Placé en redressement judiciaire depuis le début de l’année, l’ancien géant français du e-commerce français Pixmania n’a pas trouvé de solutions pour sortir la tête de l’eau depuis le lancement d’une procédure de sauvegarde en octobre dernier.

Les employés en colère contre l’actionnaire Mutares

Les 430 salariés de Pixmania, dont 320 travaillent en France, sont en colère contre l’actionnaire majoritaire actuel de Pixmania, à savoir l’entreprise allemande Mutares qui se spécialise dans le redressement des entreprises en difficulté. Depuis la reprise du site de vente en ligne en 2013, le holding d’outre-Rhin n’aurait pas mené les actions nécessaires pour améliorer la situation de ce qui fut l’un des fleurons de la vente par Internet dans l’Hexagone. Les repreneurs ne se pressent pas au portillon, mais parallèlement, Mutares a effectué une offre de rachat du site Grosbill, une branche d’Auchan spécialisée dans la vente en ligne de matériels high-tech.

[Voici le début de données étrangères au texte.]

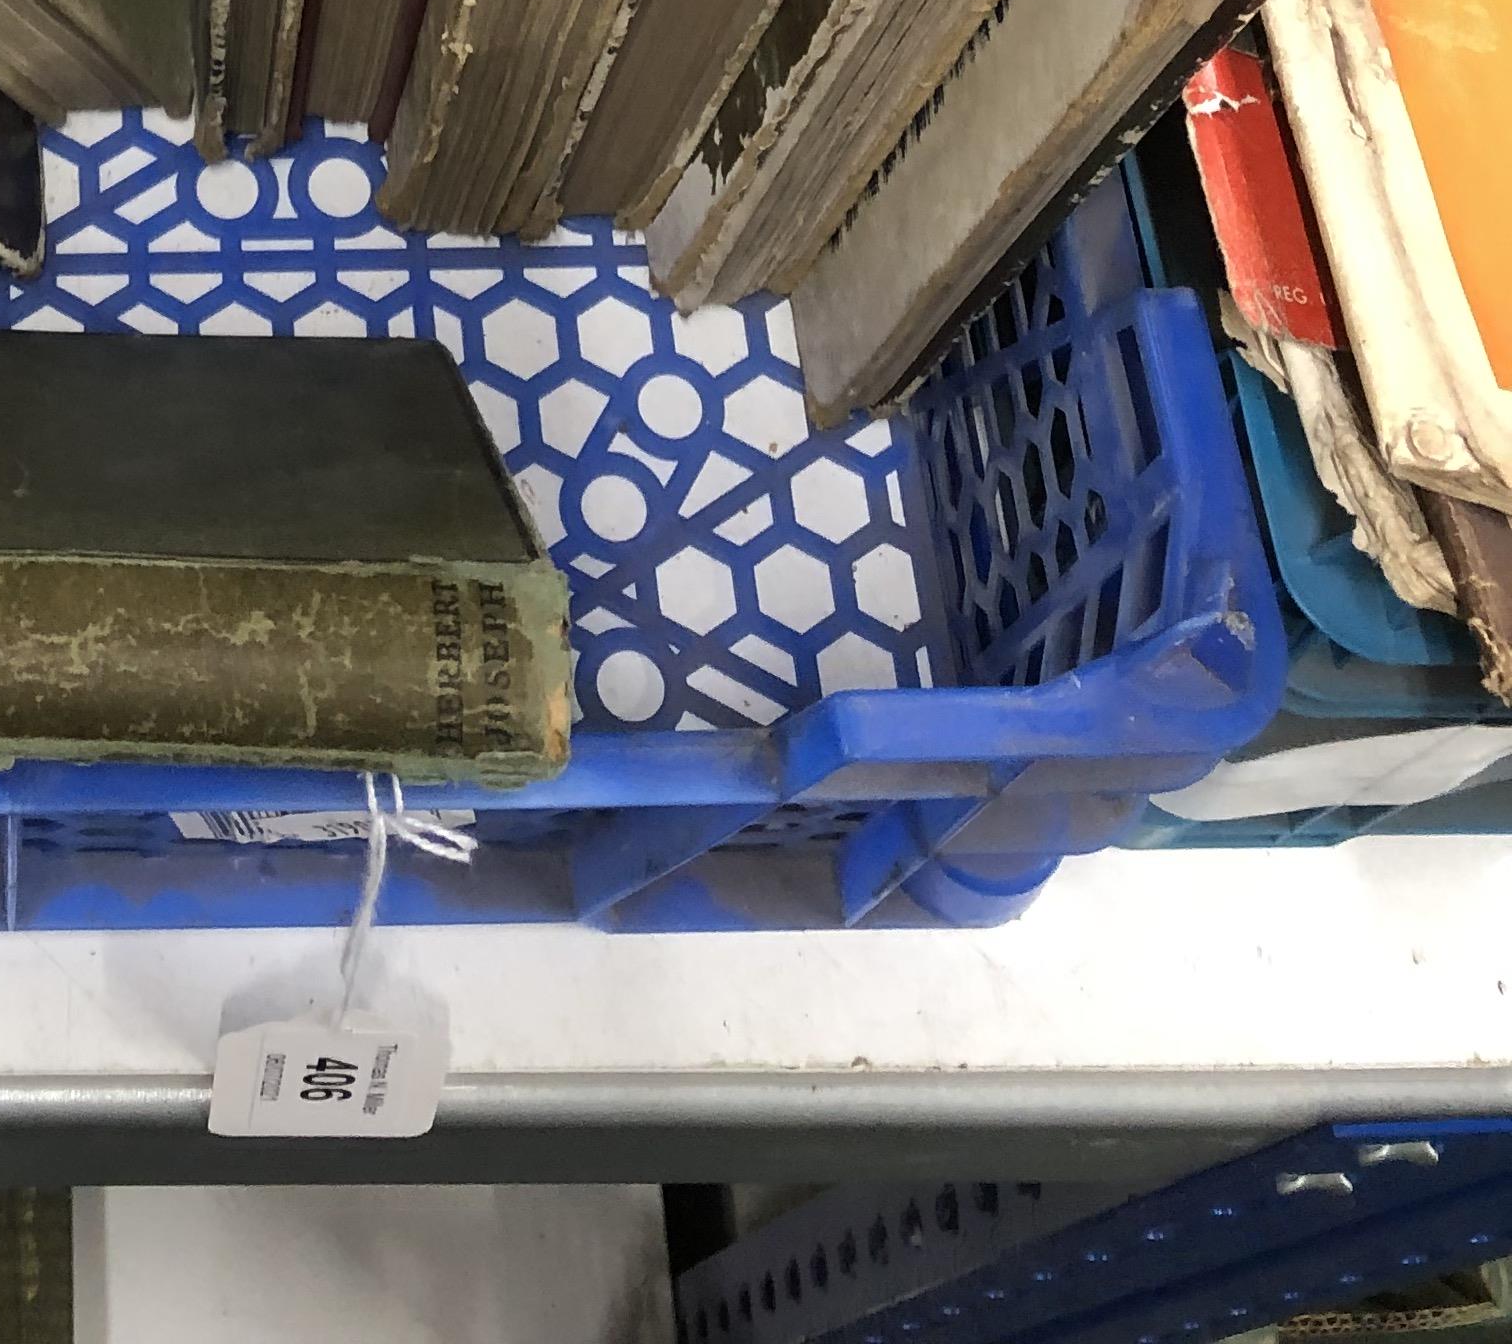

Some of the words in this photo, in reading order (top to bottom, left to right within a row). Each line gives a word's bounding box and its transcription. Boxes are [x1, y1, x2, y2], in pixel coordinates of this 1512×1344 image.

Retour sur les causes d’une faillite annoncée

C’est en l’an 2000 que les frères Rosemblum créent une entreprise familiale orientée vers le développement de photos puis par la suite vers la vente de matériels high-tech. En 2006, les deux frères cèdent la majorité de Pixmania à l’entreprise anglaise Dixons Retails qui étend la gamme de produits aux appareils électroménagers et électroniques. En 2010, le site réalise jusqu’à un milliard d’euros par an et s’étend alors sur 26 pays. Il entame par la même occasion une diversification plus poussée, allant jusqu’à proposer des articles de jardinage, de textile et de bricolage. À partir de 2012, la concurrence des géants comme Amazon entraîne la chute des ventes, accentuée par la trop grande diversité du catalogue. De plus, l’apparition de sites de plus en plus spécialisés a grappillé des parts de marché. En 2014, Pixmania ne pèse plus que 295 millions d’euros.